Miller may make some modifications to the procedure based on smoking status and other factors, including skin quality and health status. “With respect to facelifts, that would mean less skin undermining, but this can be reduced simultaneously by using deep plane techniques, which commonly have less skin undermining. I would also lessen the intensity of laser settings too,” he tells PSP.
Despite all of the negative health consequences associated with smoking, many patients who see cosmetic surgeon Joe Niamtu III, DMD, still smoke. “Tobacco is engrained in this culture in economy, politics, and business—from Jamestown to present,” Niamtu says of Richmond, Va, where he practices.
Niamtu is currently conducting a study on complications on facelift patients who smoke. “Empirically, I don’t see significant differences in healing with moderate smokers (one pack per day) and non-smokers,” he says.
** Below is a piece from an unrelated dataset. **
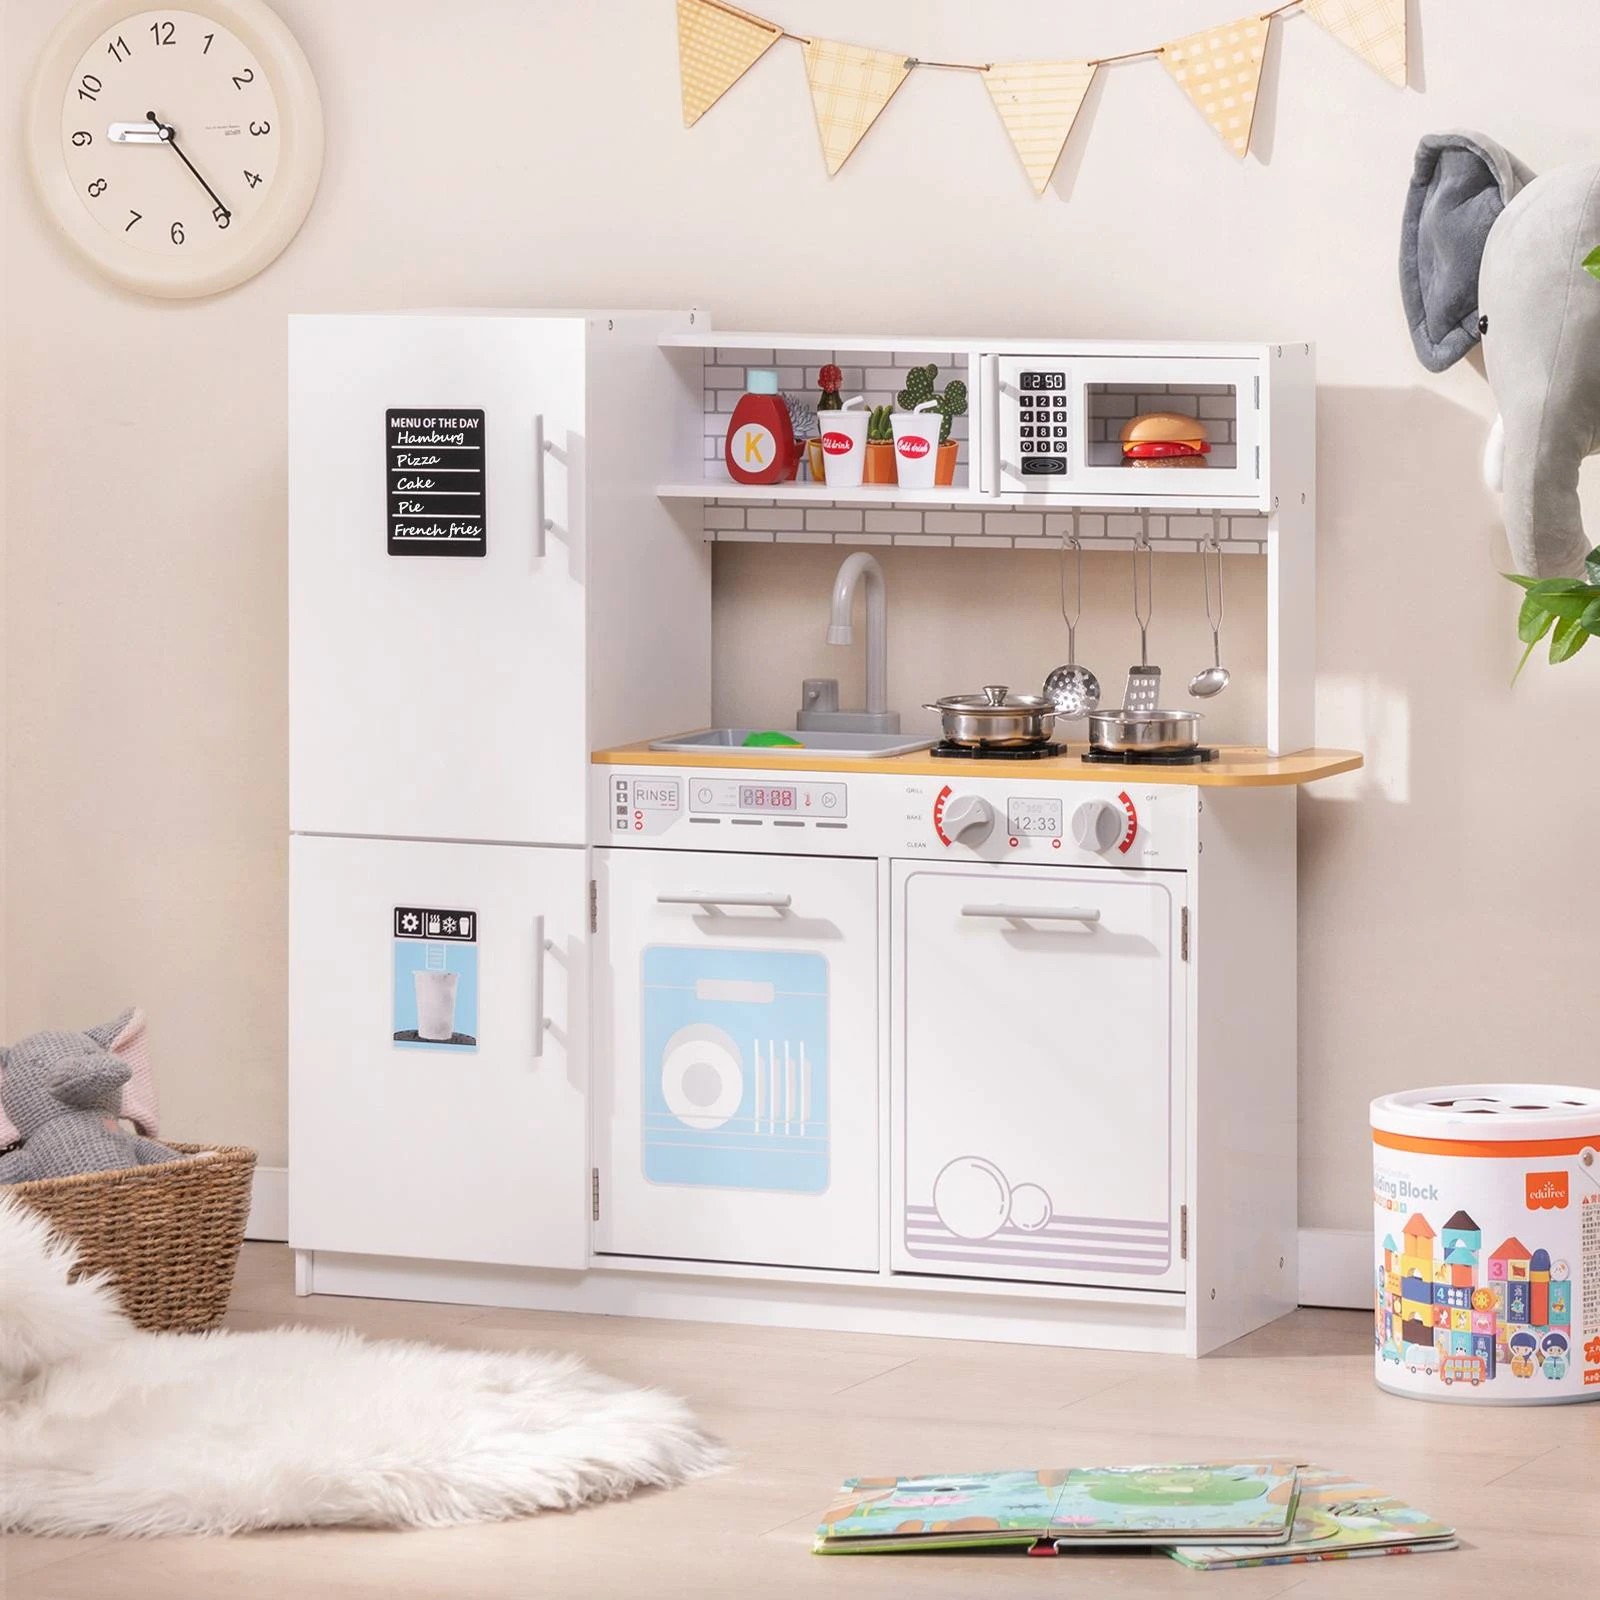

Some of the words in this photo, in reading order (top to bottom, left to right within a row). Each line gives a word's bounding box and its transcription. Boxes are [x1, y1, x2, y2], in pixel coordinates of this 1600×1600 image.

Generally speaking, he adds, “smokers do have increased incidence of post auricular facelift flap breakdown, but I have not seen an increase in the preauricular flap, which would be more problematic,” he says. “I am more conservative with facelifts on smokers but don’t demand they stop. I recommend they quit before surgery, but most won’t.”
Smoking also complicates anesthesia, he adds. “We also have special smoker’s consents that outlay the facts about smoking and health, healing, and anesthesia,” he says. “If someone is an extreme smoker (two to four packs a day) and has respiratory problems, I refuse surgery.”
Different Surgeries, Different Playbooks
Tummy tucks, facelifts, and breast reductions or mastopexies are procedures where large skin flaps are more susceptible to the effects of smoking, adds Mark Mofid, MD, FACS, a board-certified plastic surgeon in La Jolla, Calif. “For those patients, I like them to be off of cigarettes for 3 months and an additional 2 months after surgery,” he tells PSP.
Other procedures like breast augmentation, liposuction, and things like endoscopic browlifts and closed-technique rhinoplasty don’t result in skin flaps that are susceptible to necrosis, Mofid says. “I ask them to be off of cigarettes for only 2 weeks before and 2 weeks after surgery,” he says. “I also don’t permit them to be around secondhand smoke. If there is a smoker in the house, he or she must smoke outside.”
Mofid asks patients to take nicotine tests 1 month before surgery and has patients sign special smokers consent forms.
Most patients who have large flap surgeries decide that they may as well quit for good after being off of cigarettes for a full 5 months, he says.
“I’ve only had two patients in the last 10 years that didn’t follow the strict guidelines. Both smoked in the days before and after surgery. Both had breast reductions, and both wound up with unilateral breast wounds that took months to heal and required secondary revisionary procedures to cut out the scar tissue and more tissue on the other breast to match the new smaller size,” he recalls. “It’s a big deal. Oftentimes, patients don’t realize that.”